This project implements a lightweight FastAPI server designed to support a Retrieval Augmented Generation (RAG) system. The server processes various document formats, generates embeddings using Hugging Face's sentence-transformers, and provides efficient querying via ChromaDB for vector-based retrieval.
- FastAPI Server: Lightweight and asynchronous for handling non-blocking operations.
- ChromaDB Integration: Persistent vector database for storing and querying document embeddings.
- Multi-format Support: Ingestion support for PDF, DOC, DOCX, and TXT files.
- Embeddings: Utilizes sentence-transformers/all-MiniLM-L6-v2 for generating document embeddings.
- Concurrency: Efficient handling of multiple requests using FastAPI's async capabilities.
- RAG System: Retrieves relevant document chunks and generates context-aware responses.
- FastAPI: For building the server backend.
- ChromaDB: Vector database for storing document embeddings.
- Sentence-Transformers: For embedding generation.
- Hugging Face Inference API: For generating RAG-based responses.
- PyPDF2 & python-docx: For parsing and ingesting PDF and DOCX documents.
- Asyncio: For handling asynchronous operations and tasks.
-
Clone the Repository
git clone https://github.com/your-username/fastapi-rag-server.git cd fastapi-rag-server
-
Create a Virtual Environment
python -m venv venv source venv/bin/activate # On Windows: venv\Scripts\activate
-
Install Dependencies
pip install -r requirements.txt
-
Start the FastAPI Server
uvicorn app:app --reload
-
Access the Server
Open your browser and go tohttp://127.0.0.1:8000/docs
to see the interactive API documentation.
rag_server/
├── app.py # Main FastAPI application
├── vector_db.py # ChromaDB integration logic
├── load_data.py # Document loading and splitting logic
├── prompts.py # RAG prompt generation
├── utils.py # Utility functions (e.g., async helpers)

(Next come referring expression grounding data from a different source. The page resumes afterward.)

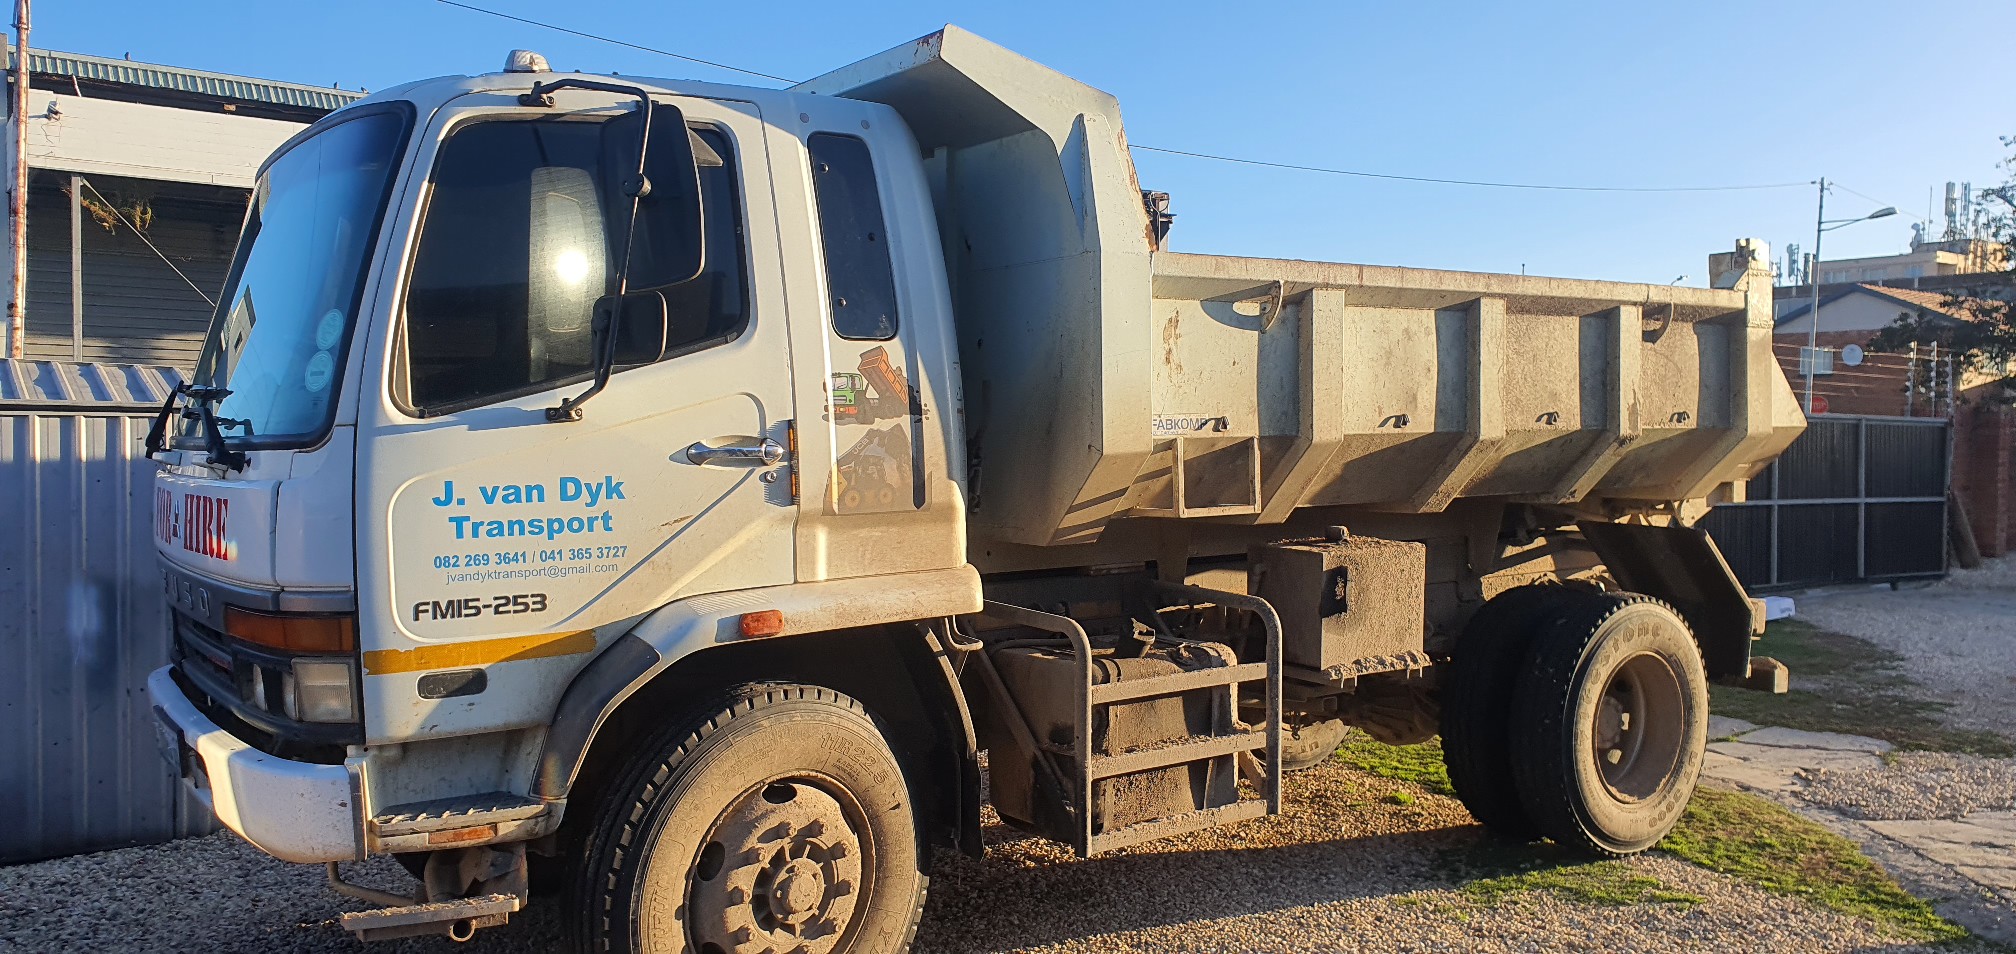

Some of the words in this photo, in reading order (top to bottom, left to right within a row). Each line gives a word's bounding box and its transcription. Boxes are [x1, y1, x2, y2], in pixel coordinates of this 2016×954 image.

[853, 437, 870, 455] JCB
[432, 480, 466, 507] J.
[479, 483, 545, 505] van
[559, 475, 626, 508] Dyk
[183, 493, 229, 561] HIRE
[448, 510, 614, 541] Transport
[433, 554, 461, 569] 082
[464, 553, 490, 567] 269
[494, 551, 527, 566] 3641
[539, 548, 564, 563] 041
[568, 547, 593, 561] 365
[596, 545, 628, 559] 3727
[445, 562, 619, 585] jvandyktransport@gmail.com

├── ingest.py # Document ingestion logic
├── COLLECTIONS.txt # List of document collections
└── data/ # Directory for uploaded documents
POST /upload
Upload documents (PDF, DOC, DOCX, or TXT) to the server for ingestion.
POST /query
Submit a query to retrieve relevant document chunks using the embeddings generated by sentence-transformers.
GET /collections
View all document collections stored in the database.
The RAG server is capable of:
- Uploading and processing multiple document formats.

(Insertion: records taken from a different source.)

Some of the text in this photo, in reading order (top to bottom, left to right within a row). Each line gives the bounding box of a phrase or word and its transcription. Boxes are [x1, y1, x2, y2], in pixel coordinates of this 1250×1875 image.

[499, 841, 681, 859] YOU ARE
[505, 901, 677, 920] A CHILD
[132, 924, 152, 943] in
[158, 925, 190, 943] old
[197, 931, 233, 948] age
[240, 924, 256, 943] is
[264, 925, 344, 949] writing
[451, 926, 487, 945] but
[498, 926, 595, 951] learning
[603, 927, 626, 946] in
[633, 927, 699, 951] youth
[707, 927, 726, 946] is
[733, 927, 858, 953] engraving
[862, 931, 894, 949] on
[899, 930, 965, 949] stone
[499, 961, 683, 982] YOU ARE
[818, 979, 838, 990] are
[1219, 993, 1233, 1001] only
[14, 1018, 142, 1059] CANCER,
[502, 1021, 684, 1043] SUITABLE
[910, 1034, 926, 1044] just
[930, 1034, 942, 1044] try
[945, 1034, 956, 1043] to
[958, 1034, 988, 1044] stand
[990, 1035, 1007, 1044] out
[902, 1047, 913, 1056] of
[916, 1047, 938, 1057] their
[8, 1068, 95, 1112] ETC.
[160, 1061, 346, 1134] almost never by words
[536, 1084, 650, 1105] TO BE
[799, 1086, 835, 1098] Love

- Efficiently querying stored document collections using vector-based retrieval.
- Providing contextual responses based on the documents ingested.
- Scalable to handle various document types and collections with ease.
Contributions are welcome! To contribute:
- Fork the repository.
- Create a new branch:
git checkout -b feature-branch-name
. - Make your changes and commit them:
git commit -m 'Add some feature'
. - Push to the branch:
git push origin feature-branch-name
. - Submit a pull request!
This project is licensed under the MIT License - see the LICENSE file for details.
This project demonstrates the power of modern Python async programming, advanced NLP models, and vector-based information retrieval with ChromaDB to create an efficient and scalable Retrieval Augmented Generation system.